- PROVIDED DATA -

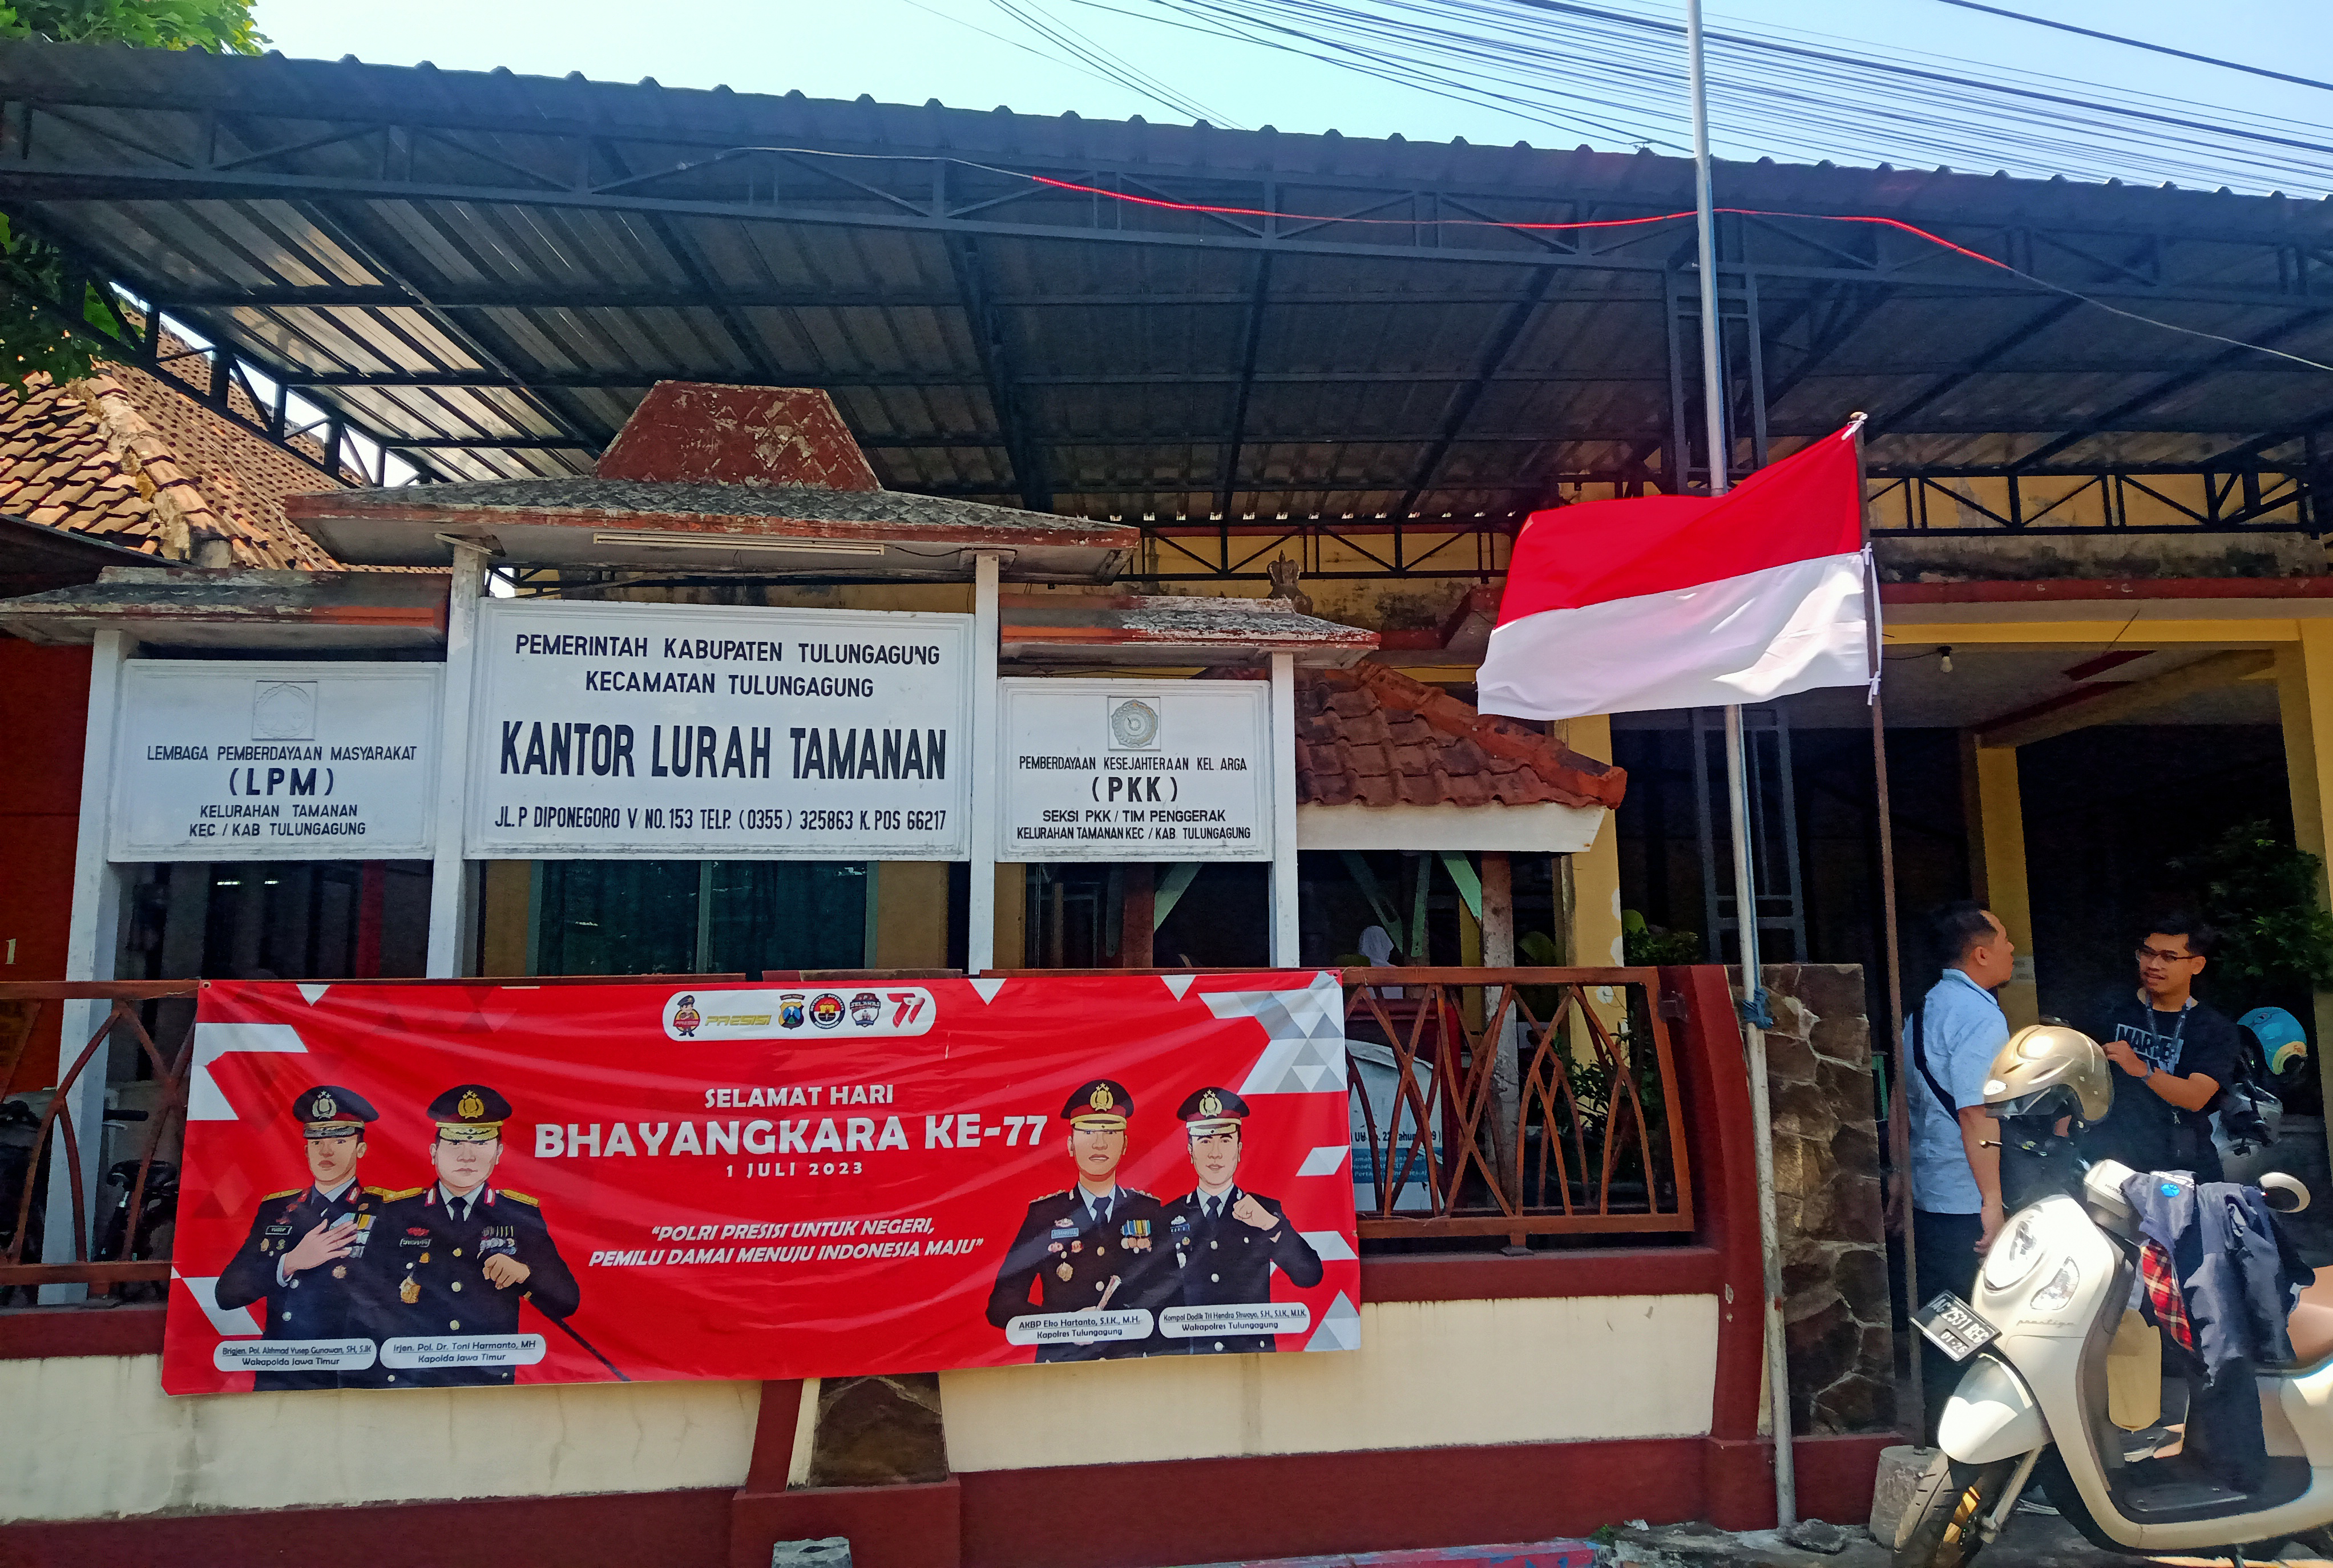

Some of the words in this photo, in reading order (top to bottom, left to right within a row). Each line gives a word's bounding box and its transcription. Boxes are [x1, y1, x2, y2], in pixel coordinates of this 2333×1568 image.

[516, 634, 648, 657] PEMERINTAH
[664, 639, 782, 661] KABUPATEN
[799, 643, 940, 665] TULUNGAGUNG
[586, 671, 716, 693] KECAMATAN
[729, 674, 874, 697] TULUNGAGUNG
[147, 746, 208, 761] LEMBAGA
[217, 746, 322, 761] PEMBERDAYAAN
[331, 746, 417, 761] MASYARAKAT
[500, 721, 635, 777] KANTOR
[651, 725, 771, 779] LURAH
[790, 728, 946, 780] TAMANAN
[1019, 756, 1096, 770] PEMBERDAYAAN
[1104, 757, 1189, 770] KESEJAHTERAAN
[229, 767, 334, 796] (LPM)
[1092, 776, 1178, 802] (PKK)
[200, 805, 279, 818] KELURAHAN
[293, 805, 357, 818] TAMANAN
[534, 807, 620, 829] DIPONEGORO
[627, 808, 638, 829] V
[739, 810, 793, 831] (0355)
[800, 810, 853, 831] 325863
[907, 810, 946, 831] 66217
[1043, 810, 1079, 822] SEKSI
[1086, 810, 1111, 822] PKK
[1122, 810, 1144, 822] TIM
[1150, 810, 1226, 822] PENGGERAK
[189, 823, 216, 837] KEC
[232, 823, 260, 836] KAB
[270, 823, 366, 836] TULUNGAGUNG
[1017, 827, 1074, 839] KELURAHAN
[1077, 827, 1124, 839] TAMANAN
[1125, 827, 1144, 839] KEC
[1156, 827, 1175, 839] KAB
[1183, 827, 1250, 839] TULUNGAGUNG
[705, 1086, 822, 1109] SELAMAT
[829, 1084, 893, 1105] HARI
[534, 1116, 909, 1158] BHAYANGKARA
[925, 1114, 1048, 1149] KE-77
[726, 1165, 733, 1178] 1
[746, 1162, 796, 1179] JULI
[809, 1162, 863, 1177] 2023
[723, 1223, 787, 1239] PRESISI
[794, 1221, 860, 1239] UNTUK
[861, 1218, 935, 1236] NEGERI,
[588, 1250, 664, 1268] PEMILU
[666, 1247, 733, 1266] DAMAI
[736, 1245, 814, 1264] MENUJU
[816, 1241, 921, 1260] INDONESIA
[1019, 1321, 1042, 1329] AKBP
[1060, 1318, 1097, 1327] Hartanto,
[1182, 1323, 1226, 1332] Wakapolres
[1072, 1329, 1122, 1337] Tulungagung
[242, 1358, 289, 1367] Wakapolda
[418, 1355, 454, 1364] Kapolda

- EXERCISE BRIEF -
Search the listing for the word "TAMANAN" and state how many lines contain it. Nothing else belongs in the reply.

- TASK OUTPUT -
3